The GenAI Footprint: Automating Malware Production
A distinctive element of ESET’s analysis concerns the likely origin of the injected code. Researchers found emojis in the malware logs that are characteristic of text produced by GenAI tools. ESET’s report maintains a cautious stance, stating that the GenAI hypothesis is highly probable, though definitive proof remains elusive. Despite this methodological reserve, the implication is significant: if confirmed, it demonstrates how accessible tools are lowering the technical threshold required to trojanize consumer applications.
The operational mechanism remains technically efficient. The trojanized app only requires being set as the default payment service on the Android device, avoiding additional permission requests that might trigger security alerts. This minimizes the visible footprint and increases the likelihood that a victim will keep the app installed long enough for the attackers to capture a PIN and transmit NFC data to the C2 server.
Distribution Vectors: Fake Lotteries and Cloned Play Stores
ESET observed two distinct NGate samples sharing the same trojanized HandyPay base and hosting domain, linking both to a single threat actor. The first sample is distributed through a site impersonating the Brazilian lottery Rio de Prêmios, offering a fake prize of approximately 20,000 real as bait. The second is delivered via a page mimicking Google Play for an app called Proteção Cartão.
The campaign exhibits deep local context: the language is Portuguese, the lure is a popular Brazilian lottery, and all four compromised devices identified in the C2 logs were geolocated in the country. ESET attempted to contact the WhatsApp number associated with the fraudulent site using non-Brazilian numbers but received no response, suggesting the operators may be using geographic filtering.
"To trojanize HandyPay, threat actors most probably used GenAI, indicated by emoji left in the logs that are typical of AI-generated text." — ESET Research
Mitigation and Security Recommendations
- Ensure Android devices have Google Play services active and Google Play Protect enabled; the system automatically blocks known versions of this malware on updated, non-modified devices.

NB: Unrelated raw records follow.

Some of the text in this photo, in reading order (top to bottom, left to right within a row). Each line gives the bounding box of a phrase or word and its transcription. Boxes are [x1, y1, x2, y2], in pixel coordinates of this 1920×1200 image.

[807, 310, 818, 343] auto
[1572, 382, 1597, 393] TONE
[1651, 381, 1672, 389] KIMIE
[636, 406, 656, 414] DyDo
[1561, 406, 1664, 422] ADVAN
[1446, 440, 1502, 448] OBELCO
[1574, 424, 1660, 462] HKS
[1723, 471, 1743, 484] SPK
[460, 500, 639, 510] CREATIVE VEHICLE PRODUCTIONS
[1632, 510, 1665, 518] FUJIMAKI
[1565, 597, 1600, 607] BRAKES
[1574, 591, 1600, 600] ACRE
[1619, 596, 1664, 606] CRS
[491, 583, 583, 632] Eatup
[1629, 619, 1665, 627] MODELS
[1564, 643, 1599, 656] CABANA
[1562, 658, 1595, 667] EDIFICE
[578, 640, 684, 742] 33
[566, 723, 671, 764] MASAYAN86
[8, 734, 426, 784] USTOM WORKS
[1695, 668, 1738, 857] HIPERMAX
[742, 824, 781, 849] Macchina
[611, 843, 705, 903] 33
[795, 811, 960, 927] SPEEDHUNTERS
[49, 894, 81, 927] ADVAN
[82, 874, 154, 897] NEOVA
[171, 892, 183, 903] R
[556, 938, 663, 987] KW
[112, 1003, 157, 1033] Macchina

- Install NFC payment applications exclusively from the official Google Play Store, avoiding links received via WhatsApp, SMS, or email, even if they appear to be linked to known services like lotteries or financial institutions.
- Retailers and developers of legitimate payment apps should implement code integrity checks and anti-tampering mechanisms, as the trojanization of consumer apps is becoming a low-cost vector for cybercrime.
- Financial institutions operating in Brazil and other high-penetration contactless markets should monitor for anomalous transaction patterns consistent with NFC relay, including ATM withdrawals far from a cardholder's usual location.
The Democratization of NFC Relay: Cost as a Weapon
The strategic relevance of this discovery extends beyond Brazil. The adoption of HandyPay as a vector suggests a form of criminal disintermediation: attackers no longer require massive budgets for specialized kits when they can trojanize a consumer app for a few euros. If GenAI becomes a standard method for modifying malicious code, the lifecycle from conception to distribution could shrink further.
Brazil serves as a laboratory for this hybrid model, combining localized social engineering, NFC relay, and PIN theft with economically scalable tools. With technical feasibility proven, the remaining variable is how quickly this stack will be replicated in other regions dependent on contactless payments. ESET has contacted the developer of HandyPay, who confirmed that an internal investigation is underway. Regardless of the outcome, pressure on consumer app providers to harden source code and binaries is expected to intensify.
Information verified via cited sources and accurate at the time of publication.